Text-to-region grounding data
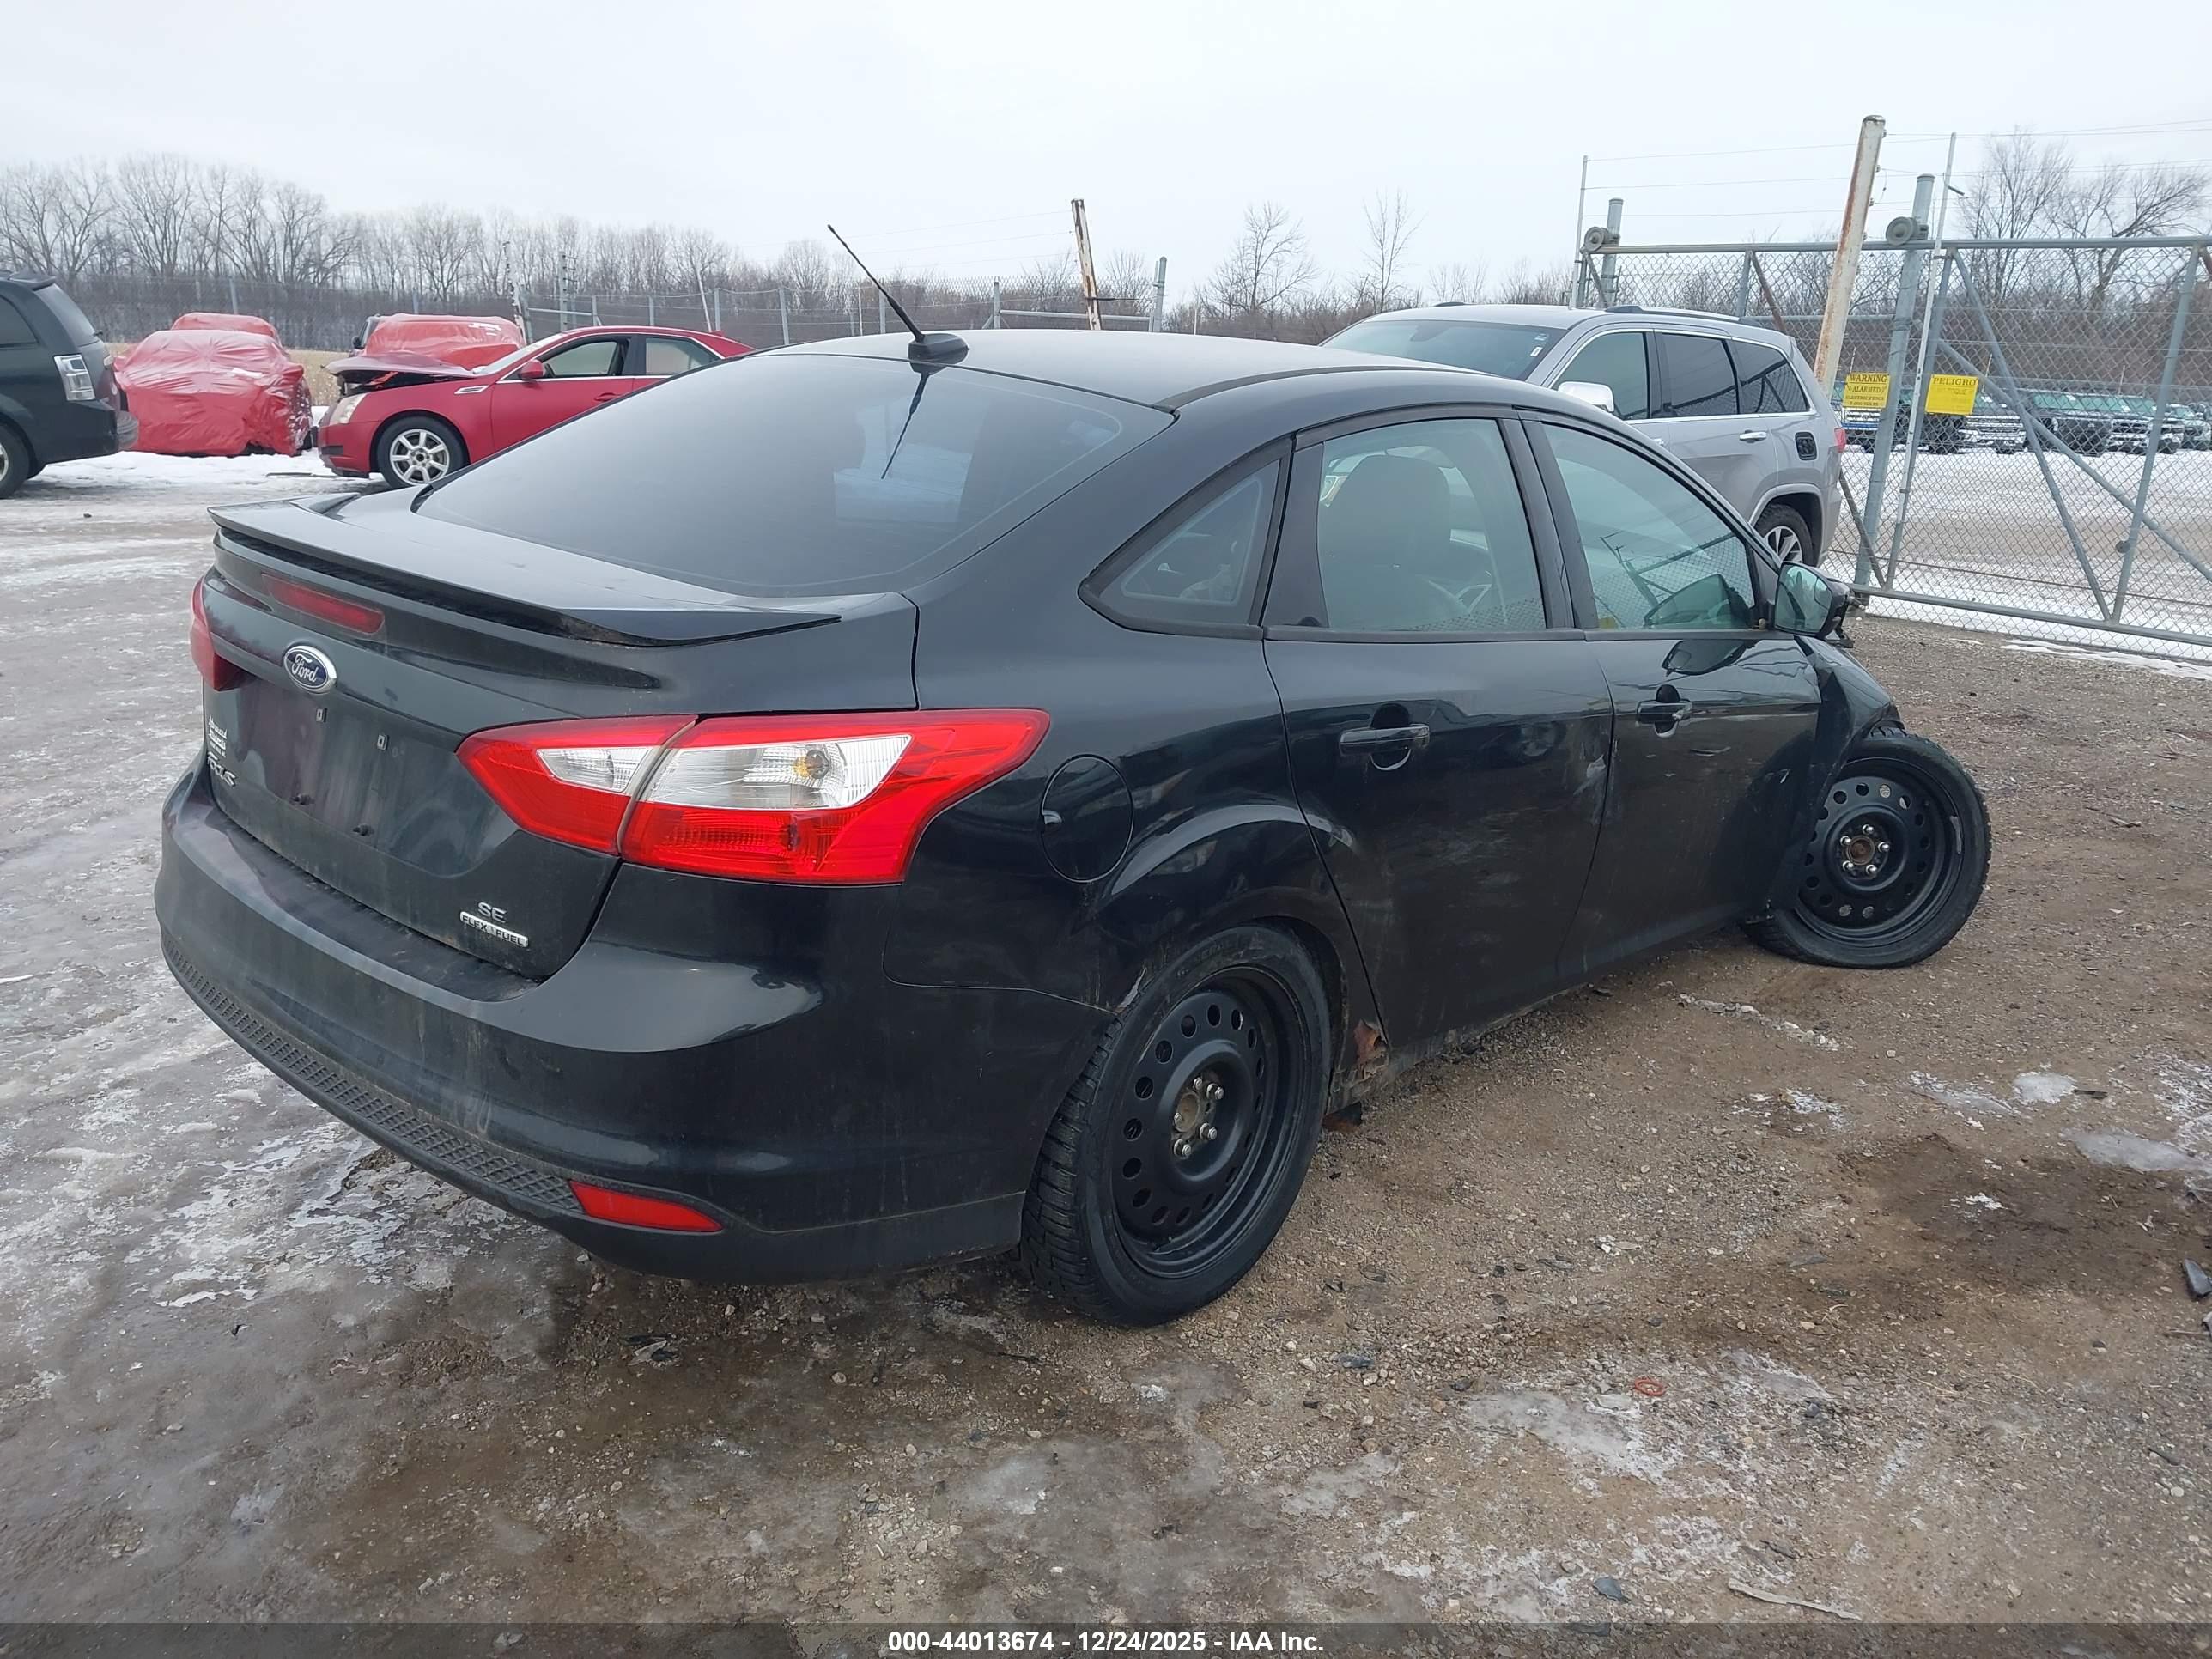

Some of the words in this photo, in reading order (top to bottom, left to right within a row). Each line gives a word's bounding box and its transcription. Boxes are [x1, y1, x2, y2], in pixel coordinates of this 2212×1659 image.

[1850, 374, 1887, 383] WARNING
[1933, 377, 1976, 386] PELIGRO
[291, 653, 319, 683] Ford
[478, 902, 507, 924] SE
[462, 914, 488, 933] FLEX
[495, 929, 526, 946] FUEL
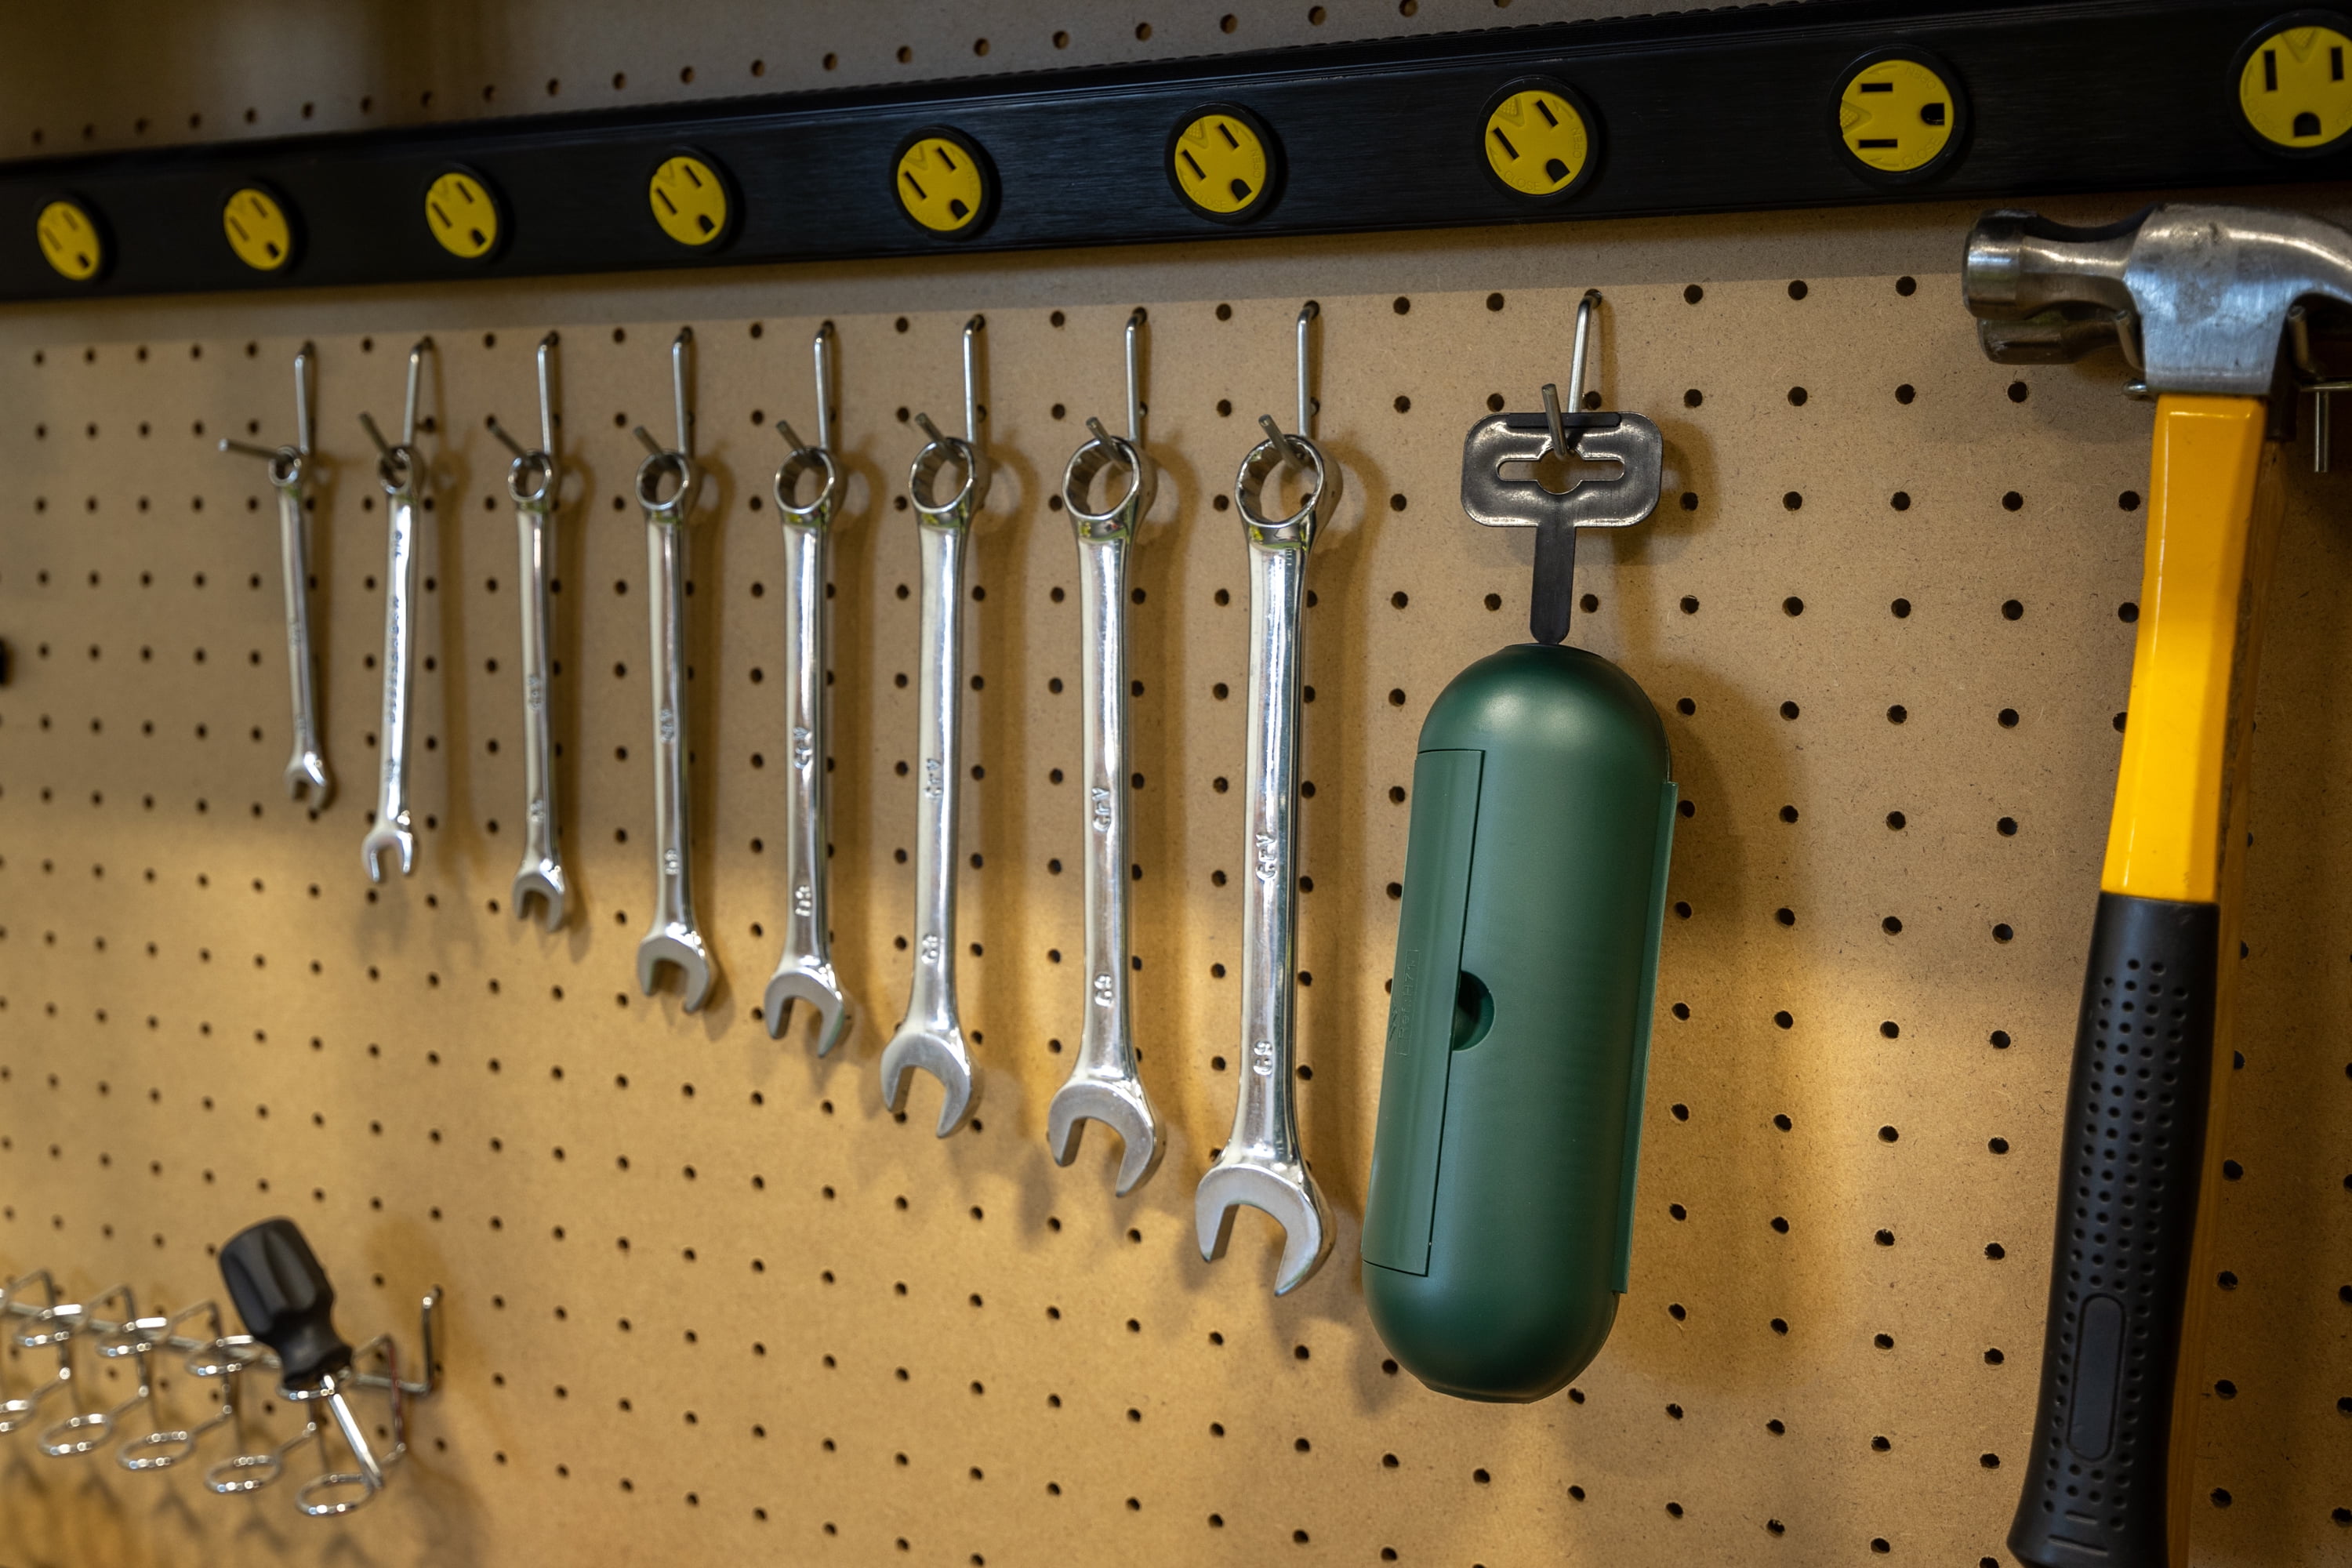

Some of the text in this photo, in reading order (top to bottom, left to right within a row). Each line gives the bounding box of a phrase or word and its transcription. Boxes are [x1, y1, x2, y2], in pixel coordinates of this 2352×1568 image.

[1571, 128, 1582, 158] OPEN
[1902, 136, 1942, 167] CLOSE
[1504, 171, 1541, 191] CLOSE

• **Task to carry out**
Once the pictures are set aside, transcribe the remaining lines above exactly.

• **Task answer**
Some of the words in this photo, in reading order (top to bottom, left to right within a row). Each line gives a word's bounding box and its transcription. Boxes are [x1, y1, x2, y2], in pixel coordinates of this 2212×1659 image.

[1850, 374, 1887, 383] WARNING
[1933, 377, 1976, 386] PELIGRO
[291, 653, 319, 683] Ford
[478, 902, 507, 924] SE
[462, 914, 488, 933] FLEX
[495, 929, 526, 946] FUEL

Some of the text in this photo, in reading order (top to bottom, left to right within a row). Each line gives the bounding box of a phrase or word and its transcription. Boxes are [x1, y1, x2, y2], in pixel coordinates of this 2352×1568 image.

[1571, 128, 1582, 158] OPEN
[1902, 136, 1942, 167] CLOSE
[1504, 171, 1541, 191] CLOSE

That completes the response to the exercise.